A panel comprising actress Manisha Koirala, writers Germaine Greer and Madhavi Menon, along with classical dancer Sonal Mansingh on the last day of the Jaipur Literature Festival here questioned the age-old paradigms of female beauty, while challenging stereotypes and ideals of beauty spread by popular media.

Moderator Sharad P. Paul, a skin cancer specialist and Adjunct Professor at the Auckland University of Technology, questioned whether “women today are under pressure to please others, or try conforming to others’ concept of beauty as compared to a few decades ago”.

The indulgence in regards to beauty has grown “too much for outer appearance”, said Sonal Mansingh, who is also an MP, choreographer and author.

“Everyone has some quality, which has to be nourished to feel beautiful,” but we also have these flimsy ephemeral role models in the media who tell us how to feel beautiful, she said.

Young people today “feel they are not good enough”, commented Koirala, who promotes social causes such as women’s rights, prevention of human trafficking and cancer awareness.

She elucidated that the illusionary idea of what their appearances should be, governs young people to the extent that many opt for cosmetic surgeries, even before their own physical features gets time to form.

As an actor, the demand to look pretty and beautiful all the time “is a huge burden for me”, she said, before observing that today’s standards of beauty focusing on size zero is a result of media and marketing.

“Something that shines from within, your kindness and knowledge and wisdom, that is far more attractive and beautiful,” Koirala said.

Madhavi Menon, author and professor of English and Director of the Centre for Studies in Gender and Sexuality at Ashoka University, said that the ideal for beauty used to be an “absolutely hairless body with long hair on the head”, whereas, today it is something else.

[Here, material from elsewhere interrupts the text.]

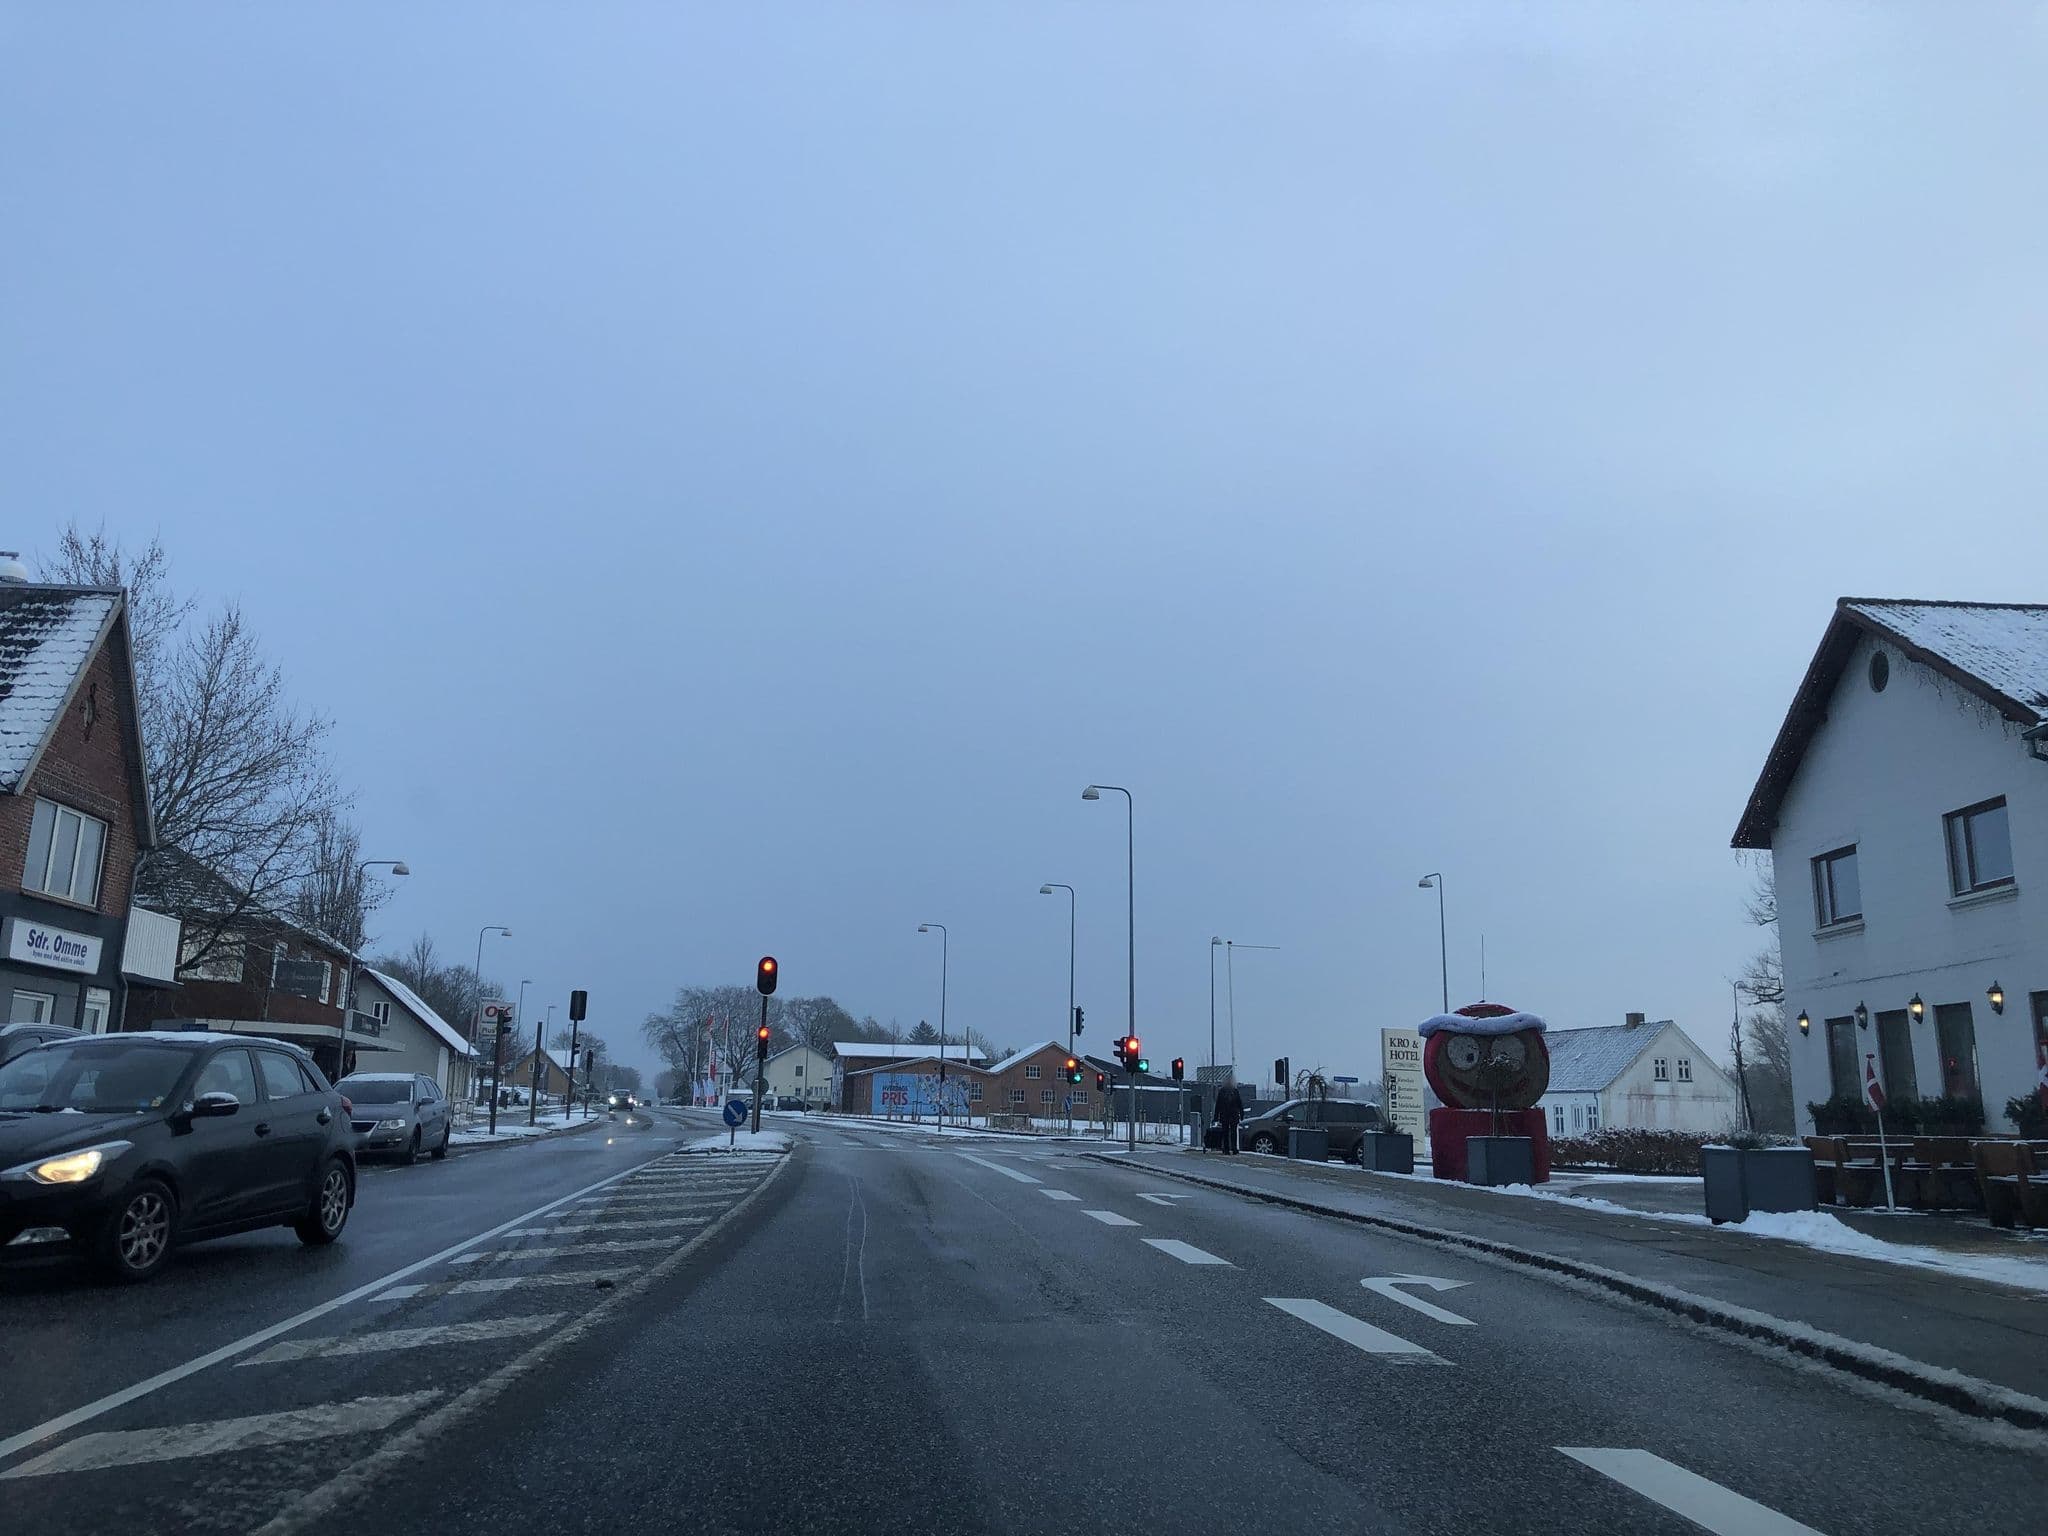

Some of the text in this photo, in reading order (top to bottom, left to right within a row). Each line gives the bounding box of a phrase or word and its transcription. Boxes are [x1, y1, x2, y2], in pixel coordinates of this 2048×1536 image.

[27, 928, 88, 958] Sdr. Omme
[1389, 1037, 1419, 1049] KRO &
[1390, 1050, 1420, 1061] HOTEL
[882, 1091, 908, 1105] PRIS

She emphasised that capitalism, thriving on the concept of “divide and rule to make more distinctive markets”, sells “illusionary ideals of beauty”. Menon pointed the worldwide phenomenon, that in general, men can grow older but a woman has to remain a ‘baby’ in a heterosexual relationship”.

She urged the mostly young audience, to “stop for a second and think before what you are doing, before you pierce your lips”.

“We have assumed that the woman is the object because the woman buys make-up products and the boy does not have to put on any make-up,” said Germaine Greer, writer, academic, and one of the most significant feminist voices of our time.

Greer shared that rather than the beauty that is derived from one’s “mitochondrial DNA”, the aura of one’s inner beauty is of much more significance.

“Being proud of what you are” and living and leading with confidence, without the requirement of the reassurance resulting from artificial physical customization, is something that young people today must adore, Greer added.